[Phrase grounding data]
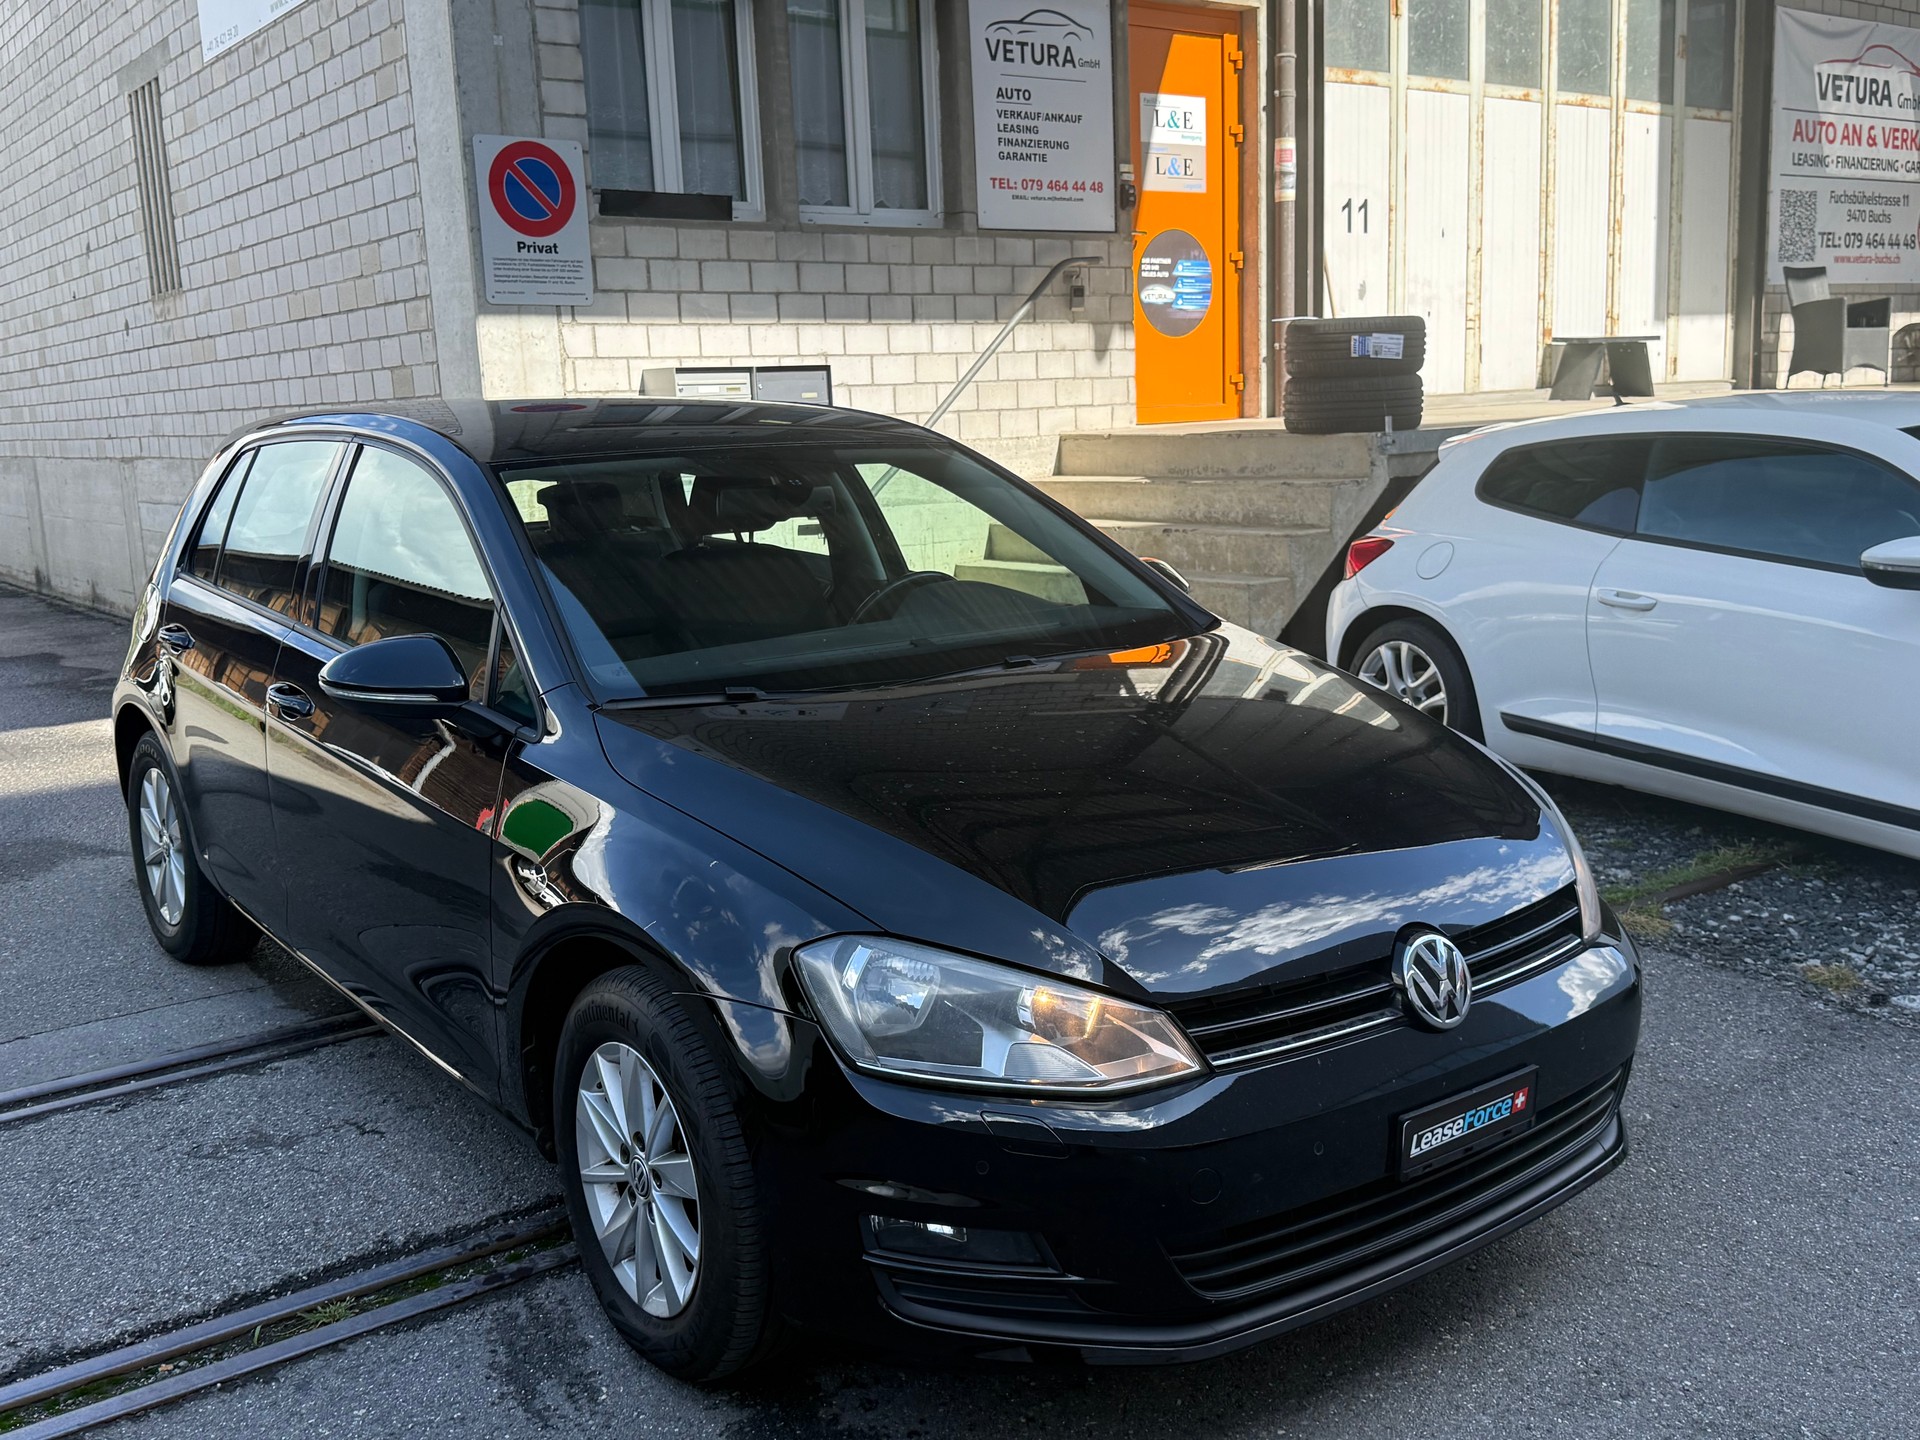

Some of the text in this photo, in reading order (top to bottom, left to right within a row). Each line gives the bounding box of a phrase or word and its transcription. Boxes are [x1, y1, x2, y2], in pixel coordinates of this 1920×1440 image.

[985, 37, 1101, 69] VETURA GmbH
[996, 87, 1032, 101] AUTO
[1817, 72, 1893, 107] VETURA
[996, 109, 1083, 124] VERKAUF/ANKAUF
[997, 123, 1040, 135] LEASING
[1792, 119, 1838, 144] AUTO
[1840, 123, 1863, 147] AN
[1866, 125, 1878, 148] &
[998, 137, 1070, 150] FINANZIERUNG
[998, 151, 1048, 163] GARANTIE
[1792, 152, 1830, 168] LEASING
[1836, 156, 1899, 172] FINANZIERUNG
[990, 177, 1104, 193] TEL: 079 464 44 48
[1829, 190, 1910, 207] Fuchsbühelstrasse 11
[1342, 198, 1368, 234] 11
[1846, 209, 1892, 223] 9470 Buchs
[516, 241, 559, 255] Privat
[1818, 232, 1917, 249] TEL: 079 464 44 48
[1410, 1097, 1513, 1156] LeaseForce

- [What this task involves]:
Repeat all of the data above word for word, minus the pictures.

- [Answer section]:
Some of the text in this photo, in reading order (top to bottom, left to right within a row). Each line gives the bounding box of a phrase or word and its transcription. Boxes are [x1, y1, x2, y2], in pixel coordinates of this 1920×1440 image.

[985, 37, 1101, 69] VETURA GmbH
[996, 87, 1032, 101] AUTO
[1817, 72, 1893, 107] VETURA
[996, 109, 1083, 124] VERKAUF/ANKAUF
[997, 123, 1040, 135] LEASING
[1792, 119, 1838, 144] AUTO
[1840, 123, 1863, 147] AN
[1866, 125, 1878, 148] &
[998, 137, 1070, 150] FINANZIERUNG
[998, 151, 1048, 163] GARANTIE
[1792, 152, 1830, 168] LEASING
[1836, 156, 1899, 172] FINANZIERUNG
[990, 177, 1104, 193] TEL: 079 464 44 48
[1829, 190, 1910, 207] Fuchsbühelstrasse 11
[1342, 198, 1368, 234] 11
[1846, 209, 1892, 223] 9470 Buchs
[516, 241, 559, 255] Privat
[1818, 232, 1917, 249] TEL: 079 464 44 48
[1410, 1097, 1513, 1156] LeaseForce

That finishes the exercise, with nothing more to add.